Gregarietà: lo studio mostra che l'attaccamento ha una funzione evolutiva

La salute dipende dagli altri

Bill Gates, creatore di Microsoft Corporation, all'epoca espresse che in gioventù era consumato nel suo mondo di auto-riconoscimento: crea il suo marchio che aveva un impatto e poteva essere redditizio da solo. Goditi i vantaggi di un lavoro costante. Tuttavia, nel corso degli anni, ha iniziato a osservare l'impatto del suo lavoro su e intorno a lui. È stato messo in dubbio se avesse trascorso abbastanza tempo con la sua famiglia, se avesse davvero avuto l'apertura per imparare, se avesse creato nuovi legami o rafforzato quelli che già aveva. E ha anche detto: "Queste domande sarebbero state divertenti per me quando avevo 25 anni, ma quando sono cresciuto, ora sono molto più significative per me".

Nell'ultimo film di Todd Phillips, Joker (2019), è evidente che la mancanza di legami familiari e sistematici (famiglia, vicinato, scuola, lavoro, governo) può avere un impatto significativo sulla salute biopsicosociale di una persona. Da una premessa epigenetica, la mancanza di collegamenti nutrienti e salutari ha effetti sullo sviluppo sia dei neurotrasmettitori regolatori che dei modelli comportamentali di socializzazione e di un concetto di sé alterato della realtà.

Esperimento di Harlow e privazione dell'attaccamento

Dal latino gregarĭus, la gregarietà rappresenta il bisogno fondamentale di alcuni esseri viventi di raggrupparsi in branchi o colonie per sentirsi bene. Gli psicologi e gli specialisti della salute mentale assicurano che ogni essere vivente richieda la vicinanza degli altri non solo per sopravvivere, ma anche per garantire la piena salute in diverse aree della vita.

Negli anni '60, Harry Harlow, uno psicologo americano, decise di approfondire la teoria dell'attaccamento proposta da John Bowlby e Mary Ainsworth. Nel suo entusiasmo di scoprire gli effetti della privazione dei legami nutrizionali (materni) nei primi anni di vita, Harlow condusse un esperimento con le scimmie Rhesus.
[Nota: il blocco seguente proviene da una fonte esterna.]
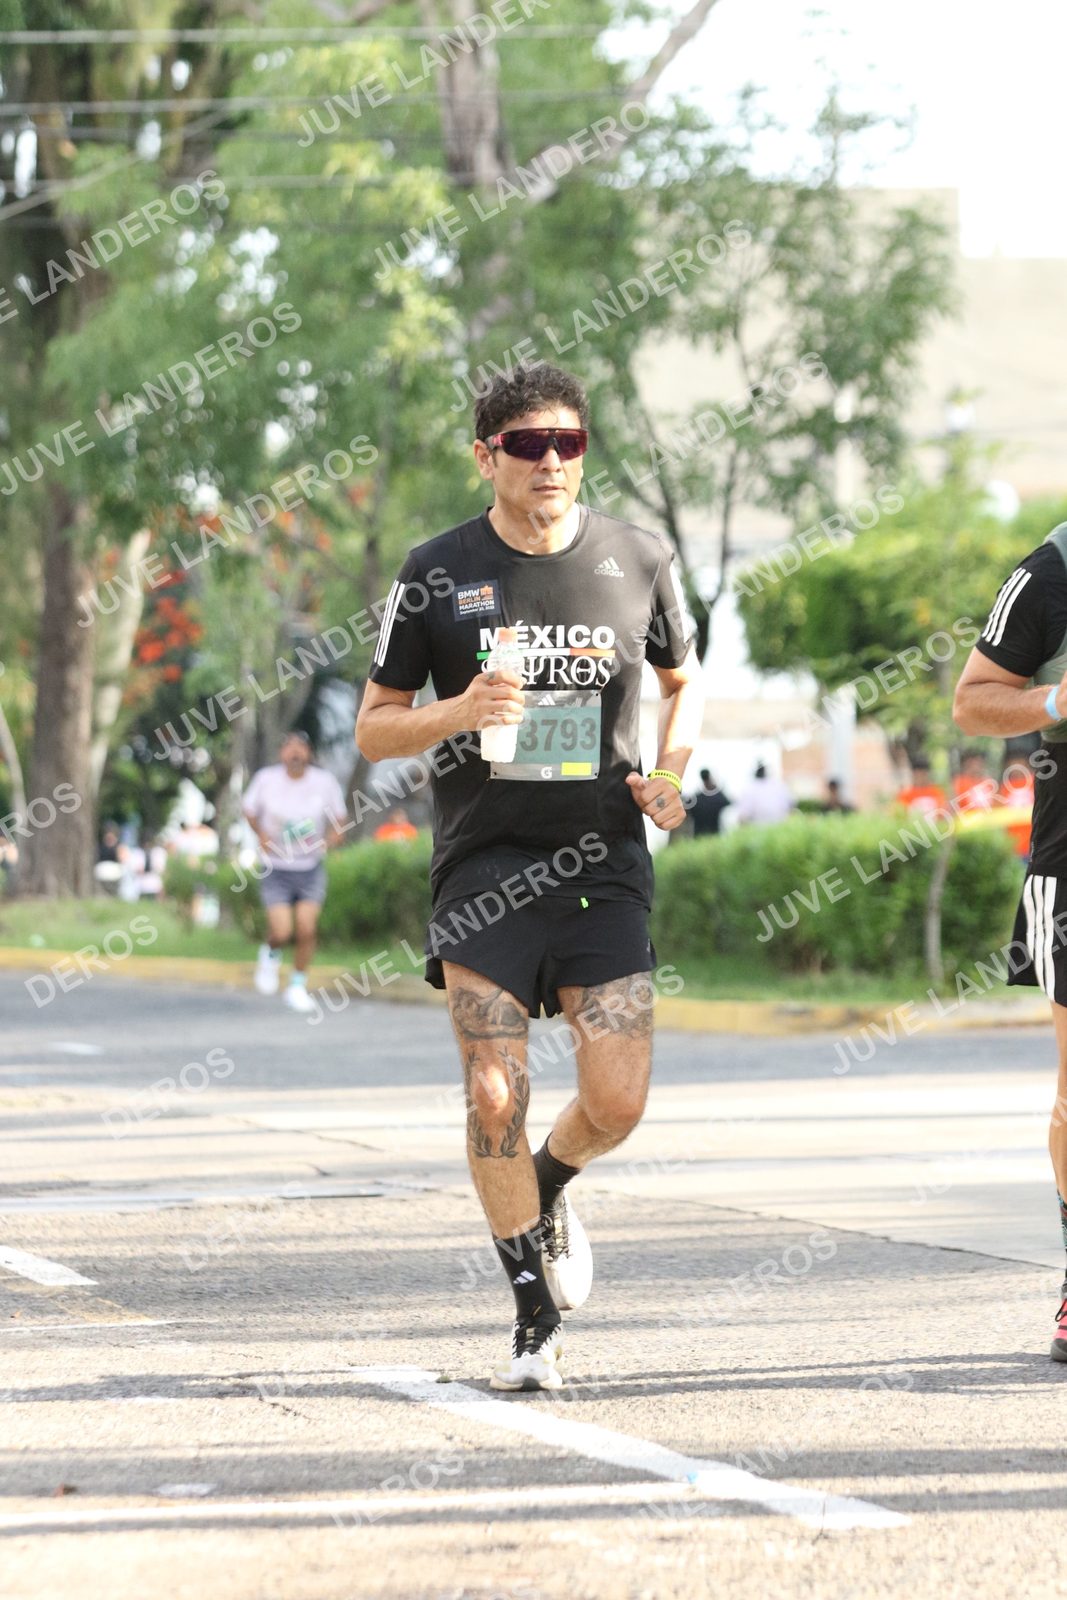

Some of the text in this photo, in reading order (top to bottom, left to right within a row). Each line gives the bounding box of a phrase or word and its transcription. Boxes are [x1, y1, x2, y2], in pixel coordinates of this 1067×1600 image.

Harlow separò alcuni figli dalle loro madri per vedere come esprimevano la loro privazione di questo legame. Li introdusse in gabbie con due dispositivi che avrebbero sostituito sua madre: una delle gabbie sarebbe stata fatta di fili con una bottiglia incorporata; il secondo, con morbidi fili rivestiti di peluche e senza bottiglia. La sua ipotesi era quella che lui chiamava "amore condizionale": gli animali si riferiscono solo alle madri per il cibo che forniscono.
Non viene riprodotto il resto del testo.